Les avocats de Salah Abdeslam renoncent à défendre leur client
"On a décidé l'un et l'autre de renoncer à la défense" d'Abdeslam, ont-ils déclaré à BFMTV, l'un des deux médias avec l'hebdomadaire L'Obs à révéler l'information. "Nous avons la conviction qu'il ne s'exprimera pas et qu'il appliquera le droit au silence", a expliqué Frank Berton aux côtés de Sven Mary,

"Dans cette position qui est la nôtre qu'est-ce que vous voulez qu'on fasse? Nous l'avons dit dès le début, nous avons prévenu, si notre client reste muet nous quitterons sa défense", a poursuivi Me Berton. "Quand on a le sentiment d'être là pour faire des visites sociales à la prison, à ce moment-là une décision doit être prise", a ajouté l'avocat belge, Me Mary. Selon Me Berton, Abdeslam a "écrit au juge d'instruction pour l'informer qu'il ne veut plus être représenté". 

"Lors de sa première audition en France, il l'avait même dit devant le juge: il allait s'expliquer ultérieurement. Je l'ai vu une dizaine de fois, nous nous sommes parlés régulièrement au téléphone. Aujourd'hui, il refuse de répondre à une quelconque question du magistrat antiterroriste. Je pense qu'il n'aura pas d'autre d'avocat. Il n'en a plus envie. Salah Abdeslam abandonne. C'est comme un suicide, je le crains", s'inquiète Me Berton dans une interview à L'Obs. 

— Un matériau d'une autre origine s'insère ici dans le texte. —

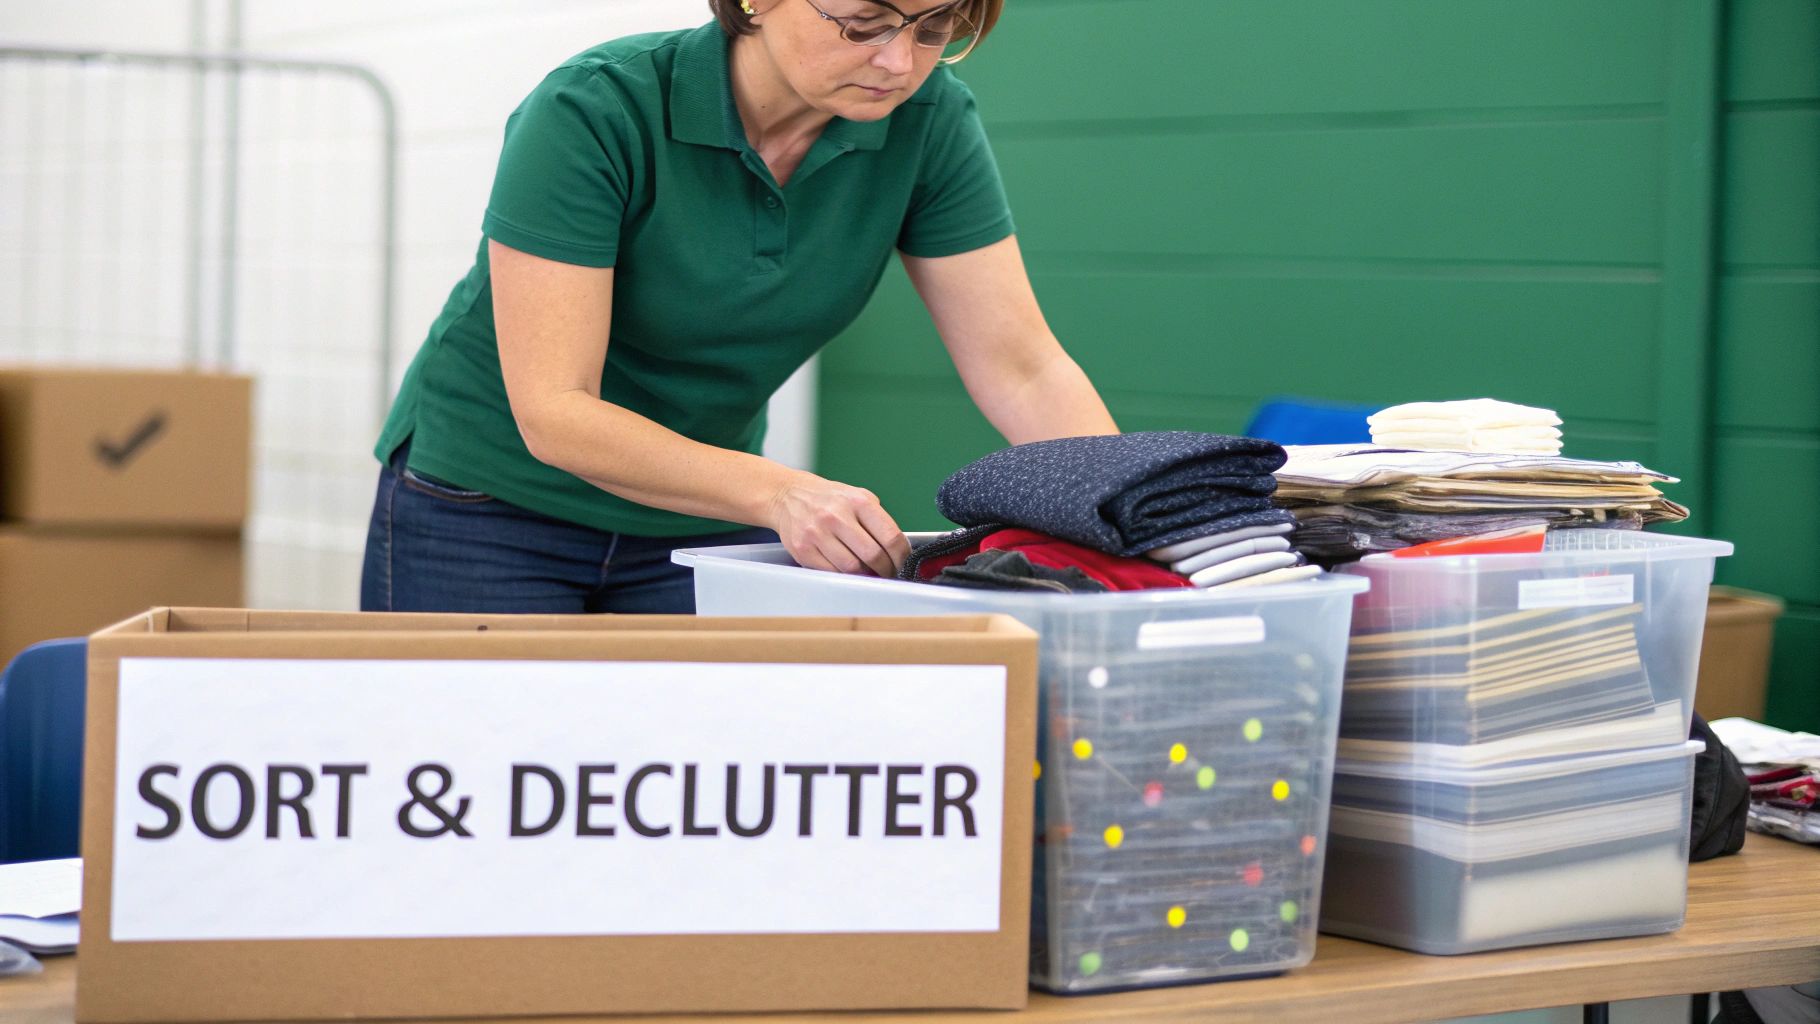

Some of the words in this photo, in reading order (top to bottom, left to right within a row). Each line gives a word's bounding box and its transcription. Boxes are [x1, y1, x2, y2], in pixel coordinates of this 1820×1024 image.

[135, 762, 369, 841] SORT
[396, 762, 475, 840] &
[508, 763, 980, 839] DECLUTTER

Mis en examen pour assassinats terroristes et suspect-clé des attentats de Paris et Saint-Denis qui ont fait 130 morts, Salah Abdeslam, 27 ans, avait été arrêté le 18 mars à Molenbeek, la commune bruxelloise dont il est originaire, avant d'être remis à la justice française le 27 avril. Depuis, il est détenu à l'isolement à Fleury-Mérogis (sud de Paris) et placé sous vidéosurveillance 24h/24. 

Rôle encore mystérieux
Salah Abdeslam avait tenté, devant le Conseil d'État, de faire suspendre ce dispositif inédit en France, mais la plus haute juridiction administrative l'avait débouté fin juillet, estimant que "le caractère exceptionnel des faits terroristes" pour lesquels il est poursuivi "impliquait que toutes les précautions soient prises". L'unique membre encore vivant des commandos du 13 novembre refuse également de répondre aux questions du magistrat antiterroriste chargé de l'enquête sur les attentats de Paris et Saint-Denis. Il exerce son droit au silence pendant l'interrogatoire. Près d'un an après les attentats du 13 novembre, des zones d'ombre entourent encore le rôle exact de Salah Abdeslam le soir des attaques. 

Après avoir convoyé en voiture les trois kamikazes du Stade de France, deux Irakiens partis de Syrie et un Français de 20 ans, Bilal Hadfi, il s'est garé dans le 18e arrondissement de Paris. Il semble avoir erré durant la nuit, avant d'être exfiltré par deux amis venus de Belgique, remis fin juin par les autorités belges à la France. Salah Abdeslam a abandonné une ceinture explosive, laissant penser qu'il devait lui aussi mener une attaque suicide pendant que ses complices semaient la mort sur des terrasses de café ou au Bataclan.

Proche du Belge Abdelhamid Abaaoud, cerveau présumé des attaques, il a également eu un rôle de logisticien, louant des véhicules et des planques en région parisienne. Les enquêteurs pensent aussi qu'il a participé à l'acheminement de jihadistes en Europe.